Your answer must be an exact transcription of every record below, with the pictures omitted.

*-*-*

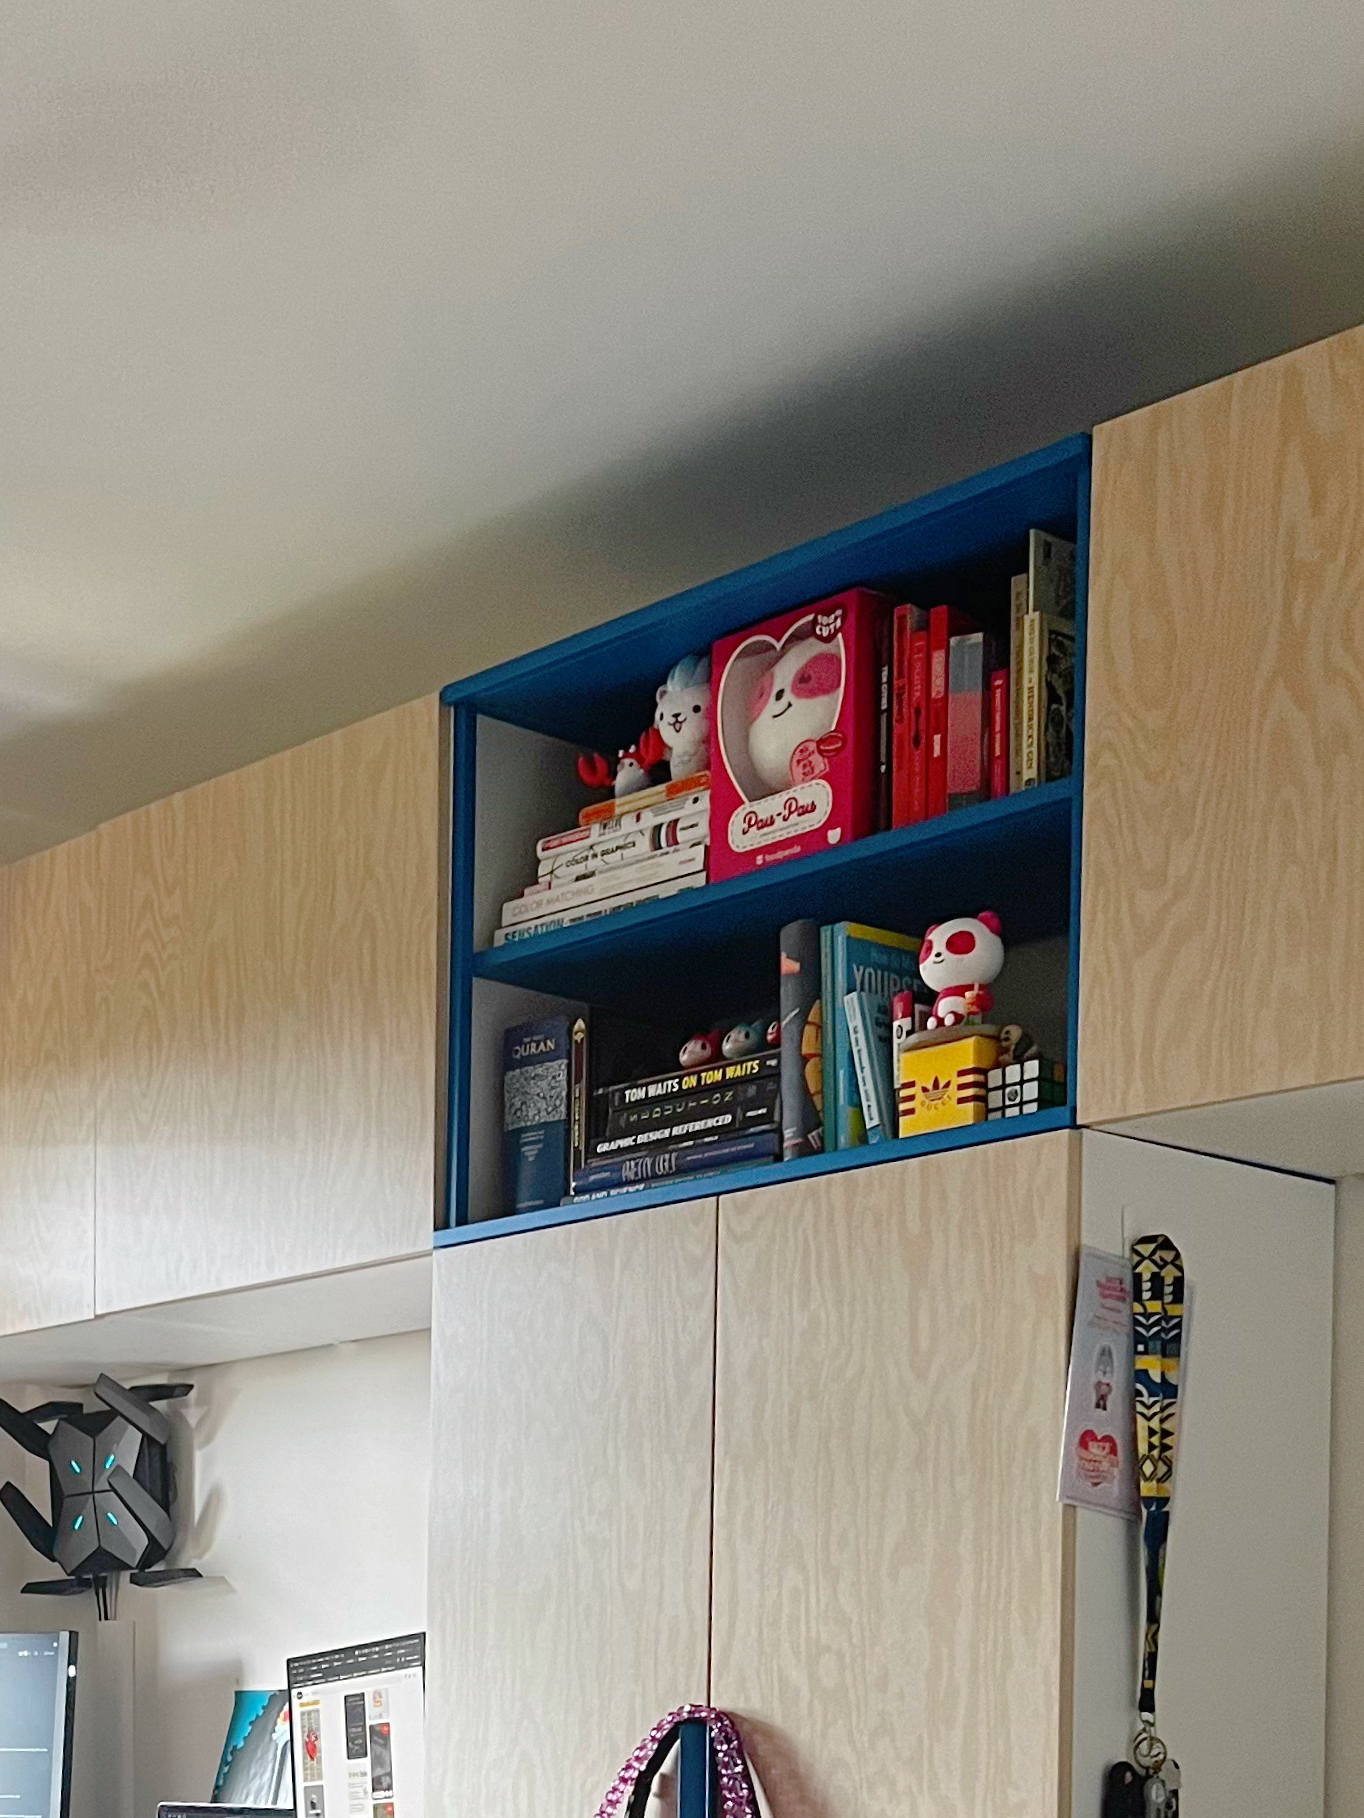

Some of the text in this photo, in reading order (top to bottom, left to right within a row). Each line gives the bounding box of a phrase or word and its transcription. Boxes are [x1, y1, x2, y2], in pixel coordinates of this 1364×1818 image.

[512, 1038, 556, 1059] QURAN
[624, 1088, 647, 1104] TOM
[647, 1078, 680, 1099] WAITS
[682, 1074, 699, 1090] ON
[700, 1067, 723, 1086] TOM
[725, 1059, 760, 1080] WAITS
[596, 1135, 637, 1154] GRAPHIC
[637, 1126, 671, 1145] DESIGN
[671, 1114, 733, 1137] REFERENCED

*-*-*

▶ _RESPONSE TO THIS TASK_:
Some of the text in this photo, in reading order (top to bottom, left to right within a row). Each line gives the bounding box of a phrase or word and its transcription. Boxes are [x1, y1, x2, y2], in pixel coordinates of this 1364×1818 image.

[512, 1038, 556, 1059] QURAN
[624, 1088, 647, 1104] TOM
[647, 1078, 680, 1099] WAITS
[682, 1074, 699, 1090] ON
[700, 1067, 723, 1086] TOM
[725, 1059, 760, 1080] WAITS
[596, 1135, 637, 1154] GRAPHIC
[637, 1126, 671, 1145] DESIGN
[671, 1114, 733, 1137] REFERENCED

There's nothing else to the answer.